International book club is progressing in that we have a list of at least 12 books suggested by the five members so far. Wild by Cheryl Strayed seems to be a popular choice for our first book. I’ve read it before but am happy to whip through it again. We’re going to try and tee up a first meeting this week to say “Hi” and test out how it’s going to work with early morning New Zealand, mid-evening UK and mid-afternoon Canada. Meanwhile, the local book club meeting looks like it’s going to be bumped again as the host realised she had booked tickets for the circus that night. And actually, I forgot about local book club and booked theatre tickets for the night it was scheduled l so I kind of hope it will get bumped to Thursday night.
Jami Attenberg is running another 1000 words of summer – a mini version this time. Just six days of writing 1000 words. All this past week I’ve been reading through my novel outline and my work in progress draft and making and updating my notes: from “unwritten” to “written” for some scenes (feels like victory!) and for “needs rewrite” adding some notes about why it needs a rewrite. Plus tweaking some things as I go along (like those scenes where my main character’s is called Maggie). It’s good to feel re-engaged with this text and to feel like I’m making progress towards finishing it. So if I can finish my review this week, I’ll be ready to apply myself to writing the unwritten and re-writing the wrongly written from 8-13 August.

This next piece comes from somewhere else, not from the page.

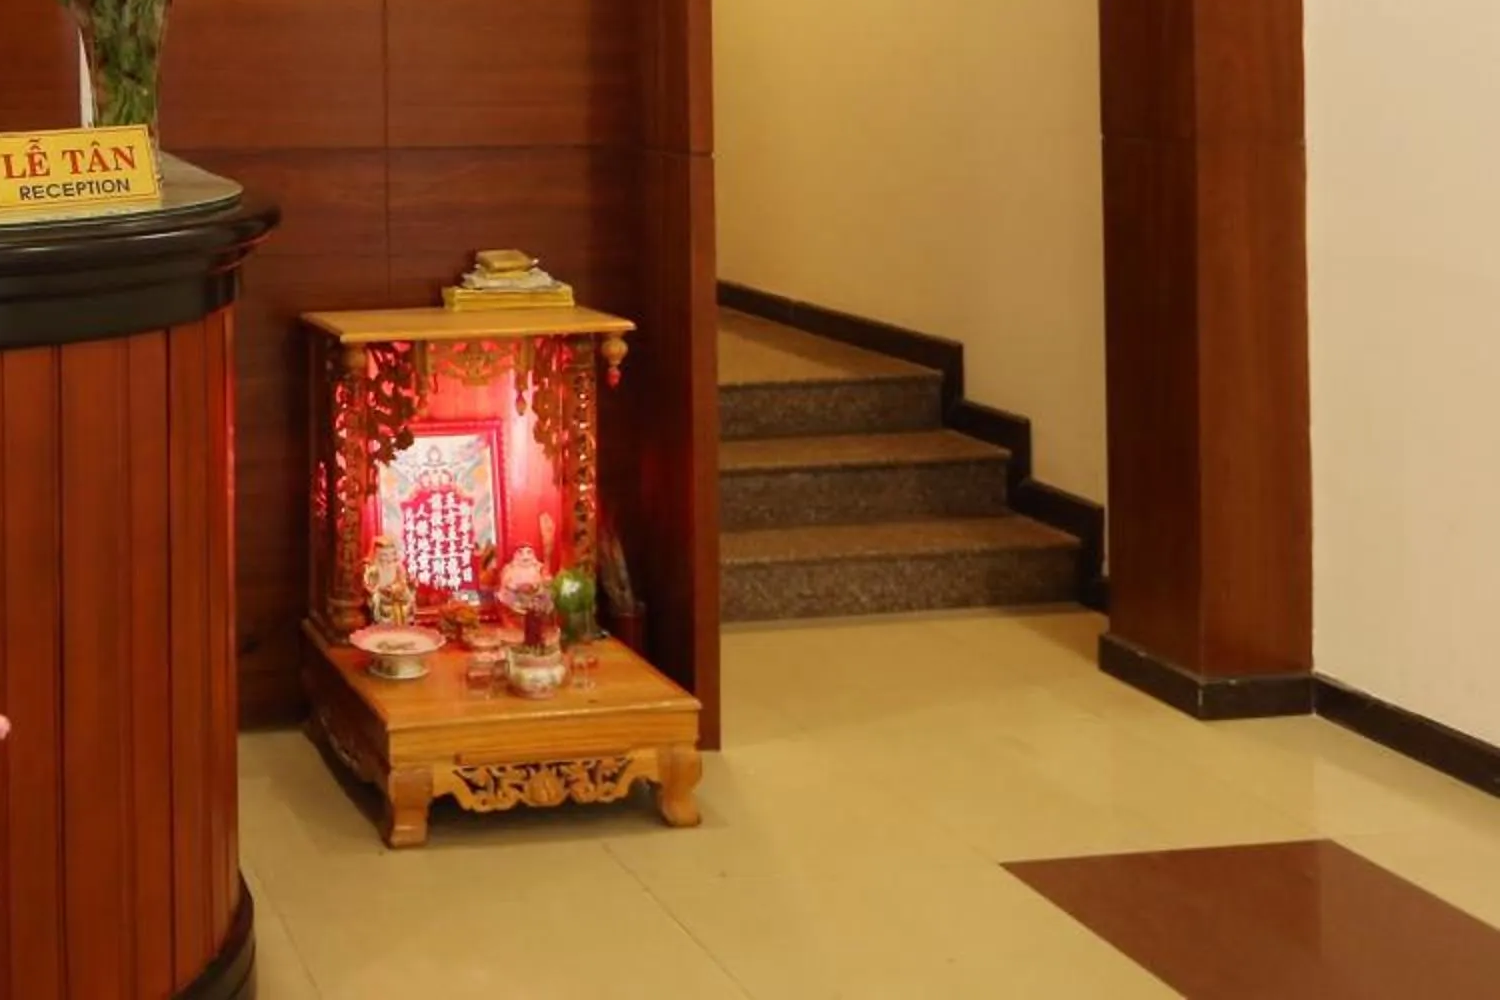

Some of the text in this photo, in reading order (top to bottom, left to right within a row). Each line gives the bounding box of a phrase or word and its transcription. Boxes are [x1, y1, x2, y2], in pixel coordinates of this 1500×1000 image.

[0, 138, 137, 179] LỄ TÂN
[19, 177, 131, 201] RECEPTION

My departmental trip for the Ben Nevis climb is making progress in that people are asking questions on the group chat about how to get to Glasgow and Fort William (because no-one ever heard of Google?) Having lived in Glasgow for some months (albeit many years ago), I have advised people about airports and train stations, but I’m sure I will need to repeat several times that if you’re taking the train from London to Glasgow, you will need to change train stations for the train to Fort William. I’ve made my own plans and booked my trains already. I’m going to travel up by train on Thursday evening, stay in a cheap hotel overnight in Glasgow and then take the West Highland Line early the next morning to arrive in Fort William lunchtime on Friday. We climb the Ben on Saturday, and on Sunday, when everyone else pootles off back to London, I’m staying an extra night in Fort William and leaving early on Monday morning to travel back to Glasgow and on to London.

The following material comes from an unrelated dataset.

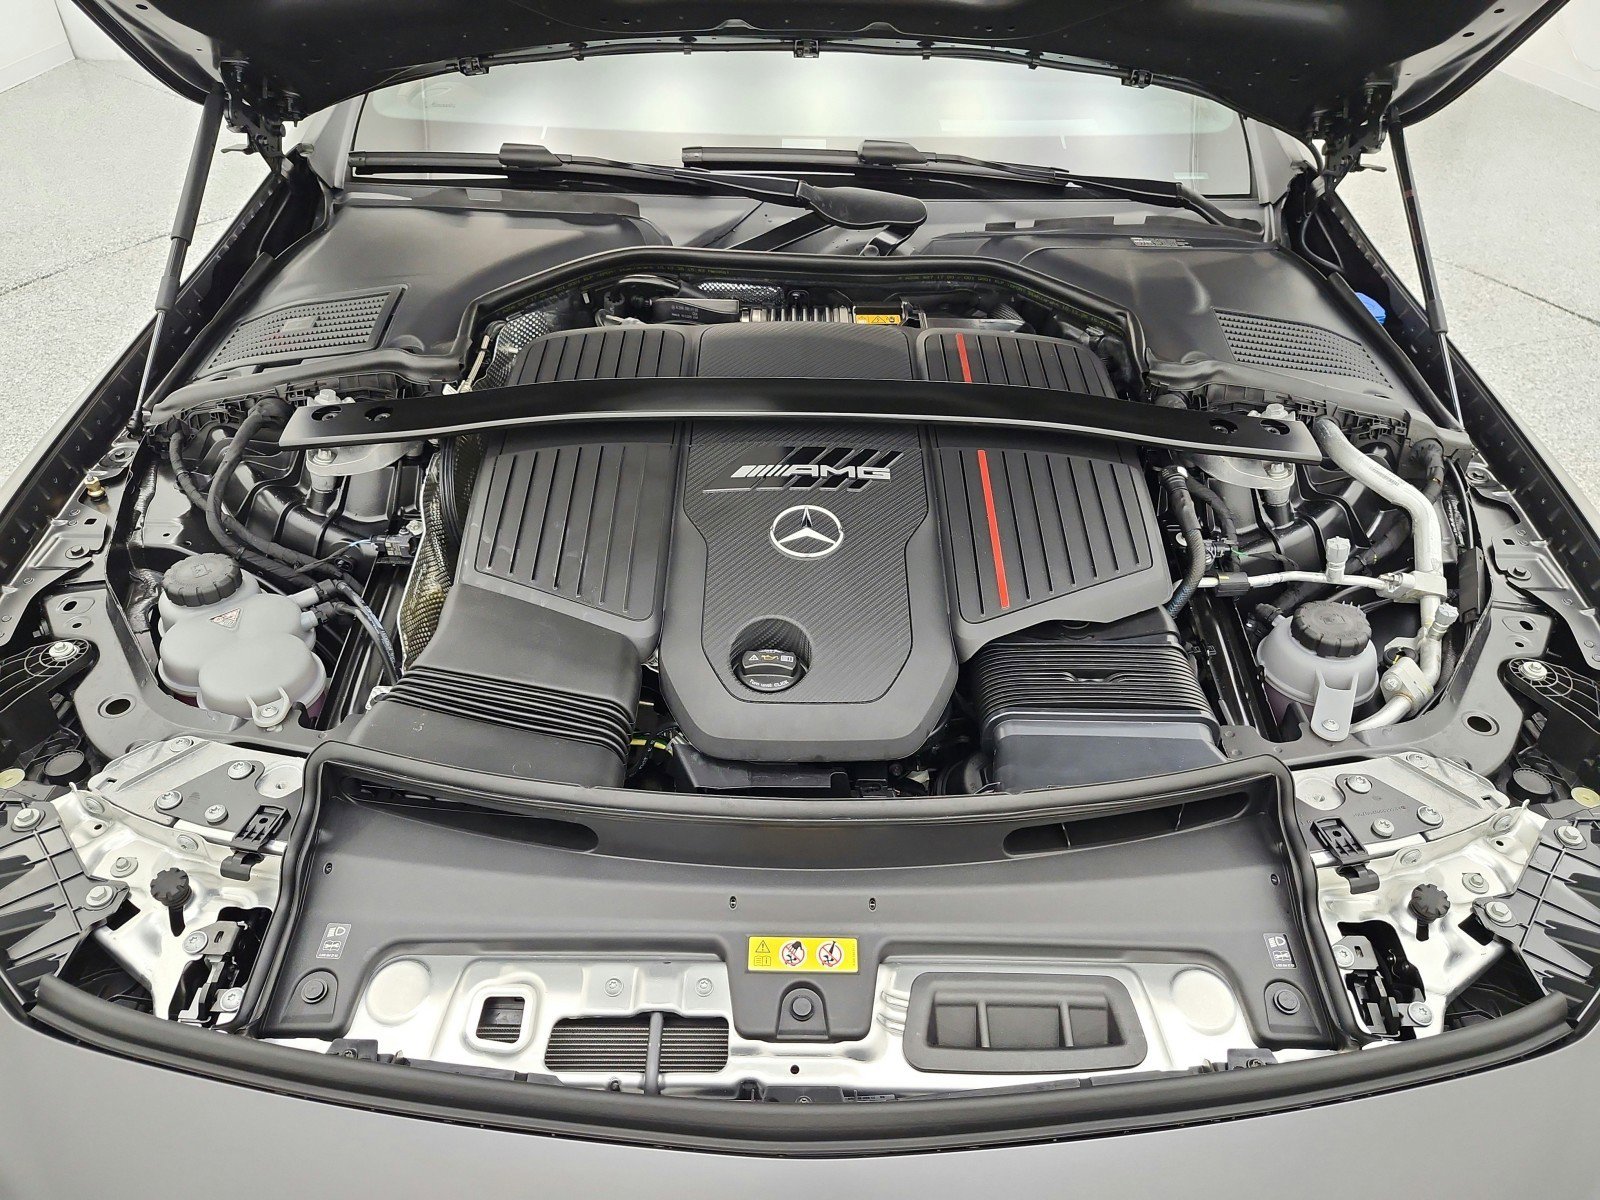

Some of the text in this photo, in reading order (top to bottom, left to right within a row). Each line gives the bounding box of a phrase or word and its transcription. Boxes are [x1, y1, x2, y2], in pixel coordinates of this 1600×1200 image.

I’m doing this because I want to see the West Highland Line in daylight, twice. I took this train once before (I worked out it was November 1995 – back before digital cameras and mobile phones!) and the scenery was so beautiful it has been fixed in my mind ever since as one of the most beautiful train trips I’ve ever taken. In fact, I was so moved by the expanse that is Rannoch Moor, I put in my will I want my ashes scattered there.
I have booked this route to see this scenery again in daylight and also – crucially – to travel on my own without other people interfering in my happy enjoyment of the scenery. I just want to put on some music and look out the window and jot down thoughts in my journal. If I’m travelling with other people I’ll have to talk to them and look at them and not be looking at the scenery and that would be such a shame. I’m not unsocial. It’s just that in the same way you wouldn’t try to talk to someone sitting next to you during a religious service, I don’t want someone to talk to my while I’m enjoying my spiritual communion with the Scottish landscape.
I hope you find some space for spiritual communion with something this week.